• _REQUIRED ACTION_:
Find the line that contains "this 1278×1704 image.". Then set down that line and all the lines after it, to the end of the records, exactly and with nothing added.

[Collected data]
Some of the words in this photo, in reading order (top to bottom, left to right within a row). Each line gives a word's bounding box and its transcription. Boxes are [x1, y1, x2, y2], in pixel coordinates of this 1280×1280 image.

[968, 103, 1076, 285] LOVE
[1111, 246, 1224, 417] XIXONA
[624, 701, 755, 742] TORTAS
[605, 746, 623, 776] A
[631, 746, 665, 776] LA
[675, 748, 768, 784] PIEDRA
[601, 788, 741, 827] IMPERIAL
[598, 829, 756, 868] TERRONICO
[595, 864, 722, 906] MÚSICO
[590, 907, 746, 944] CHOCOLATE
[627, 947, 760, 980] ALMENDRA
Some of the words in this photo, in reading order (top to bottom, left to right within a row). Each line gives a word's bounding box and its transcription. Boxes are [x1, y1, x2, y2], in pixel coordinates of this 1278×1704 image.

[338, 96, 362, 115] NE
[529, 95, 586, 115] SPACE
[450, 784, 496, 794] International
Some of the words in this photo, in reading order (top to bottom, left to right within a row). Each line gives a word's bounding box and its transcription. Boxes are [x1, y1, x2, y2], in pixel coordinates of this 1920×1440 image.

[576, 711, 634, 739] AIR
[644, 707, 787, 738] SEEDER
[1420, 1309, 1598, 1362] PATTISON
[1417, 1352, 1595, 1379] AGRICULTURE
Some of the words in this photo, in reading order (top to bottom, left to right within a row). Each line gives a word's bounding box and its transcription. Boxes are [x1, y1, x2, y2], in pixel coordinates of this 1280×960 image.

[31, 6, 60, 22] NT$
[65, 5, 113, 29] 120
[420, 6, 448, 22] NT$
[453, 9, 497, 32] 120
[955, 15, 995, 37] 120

• _ANSWER FOR THE TASK_:
Some of the words in this photo, in reading order (top to bottom, left to right within a row). Each line gives a word's bounding box and its transcription. Boxes are [x1, y1, x2, y2], in pixel coordinates of this 1278×1704 image.

[338, 96, 362, 115] NE
[529, 95, 586, 115] SPACE
[450, 784, 496, 794] International
Some of the words in this photo, in reading order (top to bottom, left to right within a row). Each line gives a word's bounding box and its transcription. Boxes are [x1, y1, x2, y2], in pixel coordinates of this 1920×1440 image.

[576, 711, 634, 739] AIR
[644, 707, 787, 738] SEEDER
[1420, 1309, 1598, 1362] PATTISON
[1417, 1352, 1595, 1379] AGRICULTURE
Some of the words in this photo, in reading order (top to bottom, left to right within a row). Each line gives a word's bounding box and its transcription. Boxes are [x1, y1, x2, y2], in pixel coordinates of this 1280×960 image.

[31, 6, 60, 22] NT$
[65, 5, 113, 29] 120
[420, 6, 448, 22] NT$
[453, 9, 497, 32] 120
[955, 15, 995, 37] 120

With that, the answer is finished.